Among his claims, Goode states
that D'Souza is "good at taking apart hypocrisy." As his
premise, Goode cites D'Souza's analysis of the "notorious curriculum
change for freshmen at Stanford, which saw the advent of a new course that
brought in works by women and people of color for students to read for
the sake of multiculturalism." As developed, Goode's claim that "D'Souza
is . . . good at taking apart hypocrisy" is a conclusion for a simple,
deductive, though unsound argument.
As stated, Goode's argument appears
at first to be non-deductive and can be outlined as follows:
1) [D'Souza] deals at length with the notorious curriculum change for
freshmen at Stanford.
2) D'Souza is good at taking apart hypocrisy.
Unstated premises, however, are essential to his support in premise
1 for conclusion 2. These unstated premises may be defined as follows:
3) (Anything notorious is hypocritical.)
4) (To "deal at length with" means to be "good at taking
apart.")
Restructured, the argument can be outlined again.
1) (Anything notorious is hypocritical.)
2) (To "deal at length with" means to be "good at taking
apart.")
3) [D'Souza] deals at length with the notorious curriculum change for
freshmen at Stanford.
4) D'Souza is good at taking apart hypocrisy. 1, 2, 3
Or, in its numerical analysis:
1, 2, 3
______________
4
As such, the conclusion, "D'Souza is good at taking apart hypocrisy,"
becomes deductive since it is guaranteed by both stated and implied claims.
An examination reveals, additionally,
that, although conclusion 4 is deductive, the argument itself is unsound;
his characterization of the curriculum change at Stanford as "notorious"
is questionable, at least in D'Souza's challenge of one of its texts, I
Rigoberta Menchu. His analysis of the text is superficial and fails
to justify adequately his dismissal of the Guatemalan author as "atypical"
or that selections of texts "for the sake of multiculturalism"

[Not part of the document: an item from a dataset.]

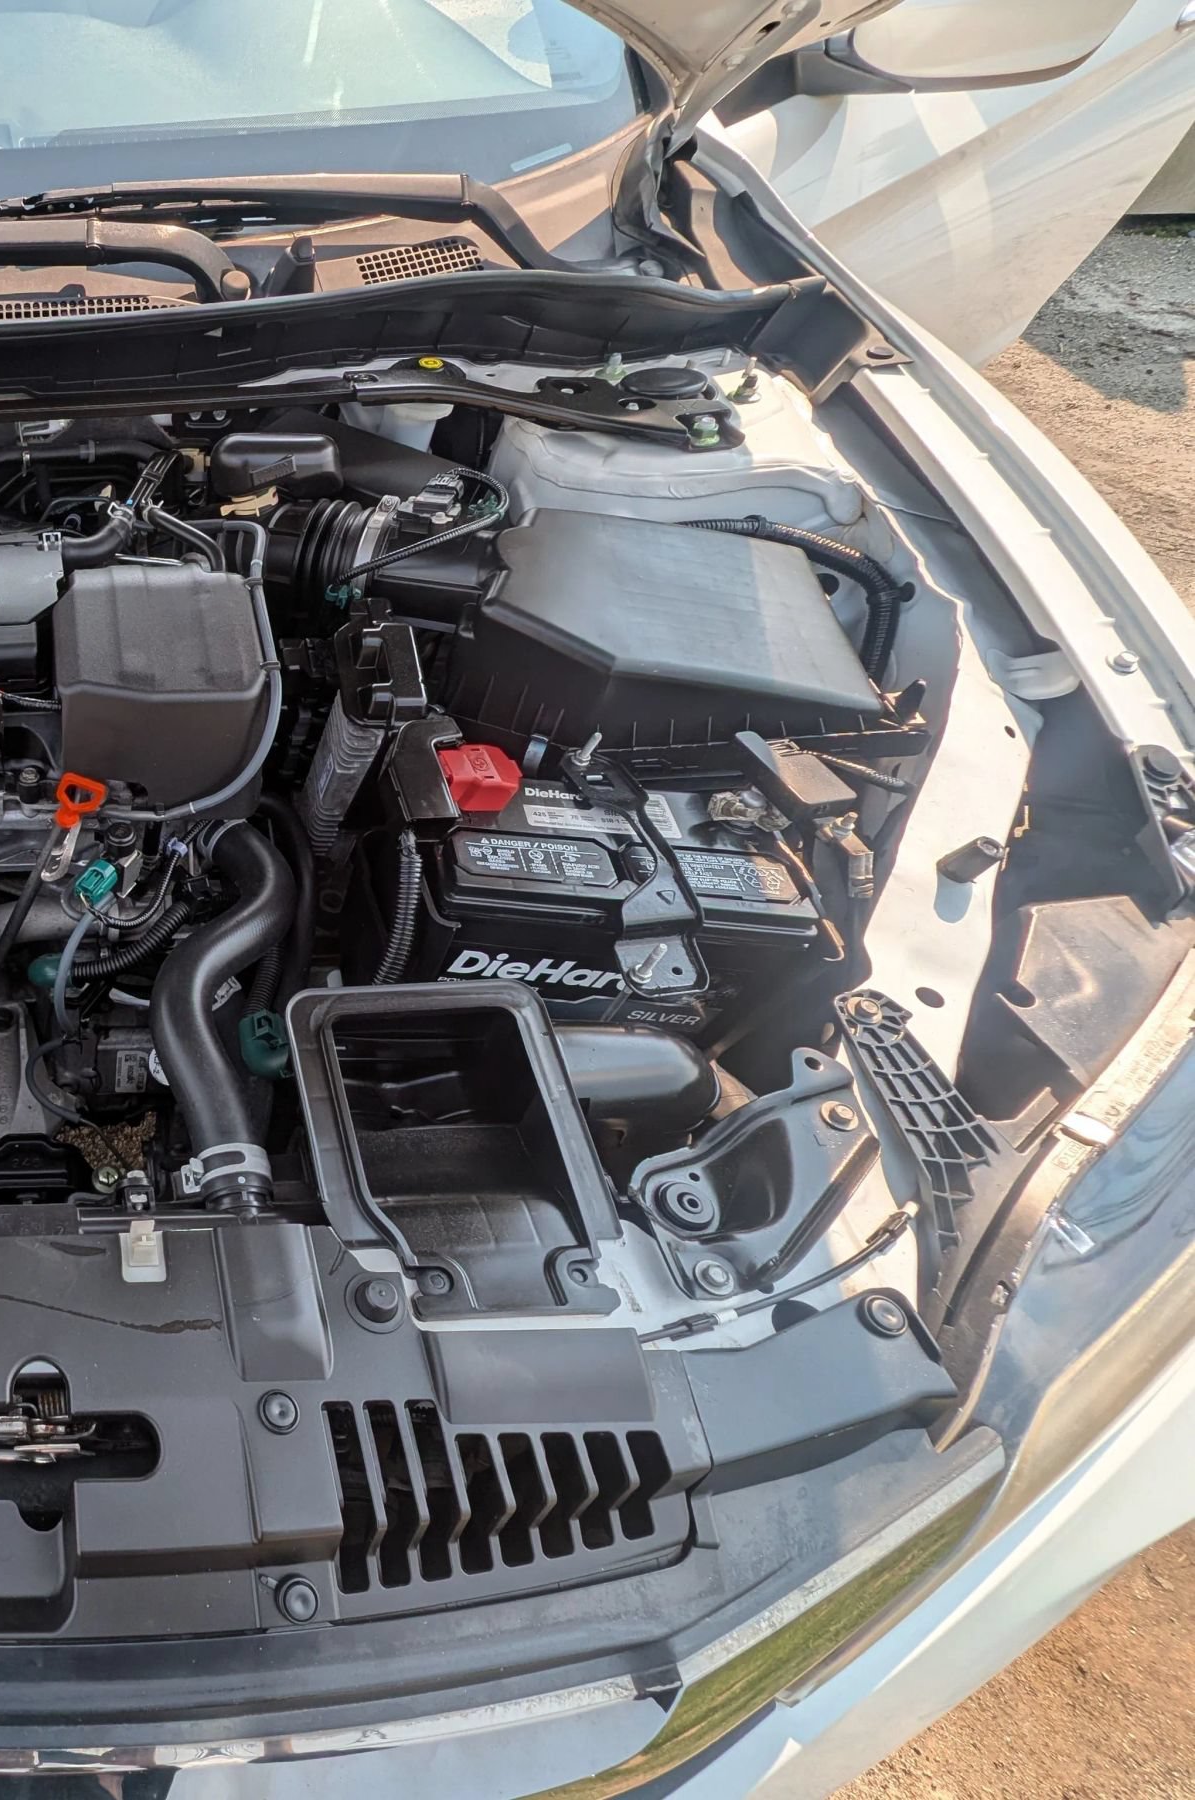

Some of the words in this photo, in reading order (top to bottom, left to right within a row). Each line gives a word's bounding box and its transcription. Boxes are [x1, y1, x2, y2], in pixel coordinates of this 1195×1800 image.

[490, 838, 531, 848] DANGER
[541, 842, 578, 851] POISON
[627, 1010, 702, 1026] SILVER

is an insignificant criterion for text adoption. He fails to mention, for
instance, that during the times addressed by the book, Guatemala was a
brutal land in which her father, mother, and younger brother had been tortured
and murdered by the military; that she was in Paris, having fled for her
life from the Guatemala highlands with the support of human rights groups
sympathetic to her cause. If she is "atypical," she may be only
in that she was one of the few fortunate survivors to escape. Goode's rather
flippant--though unsupported--rejection of multicultural studies seems
prejudiced by his concerns for other issues raised in the article; sarcasm
alone won't satisfy the demands of sound reasoning.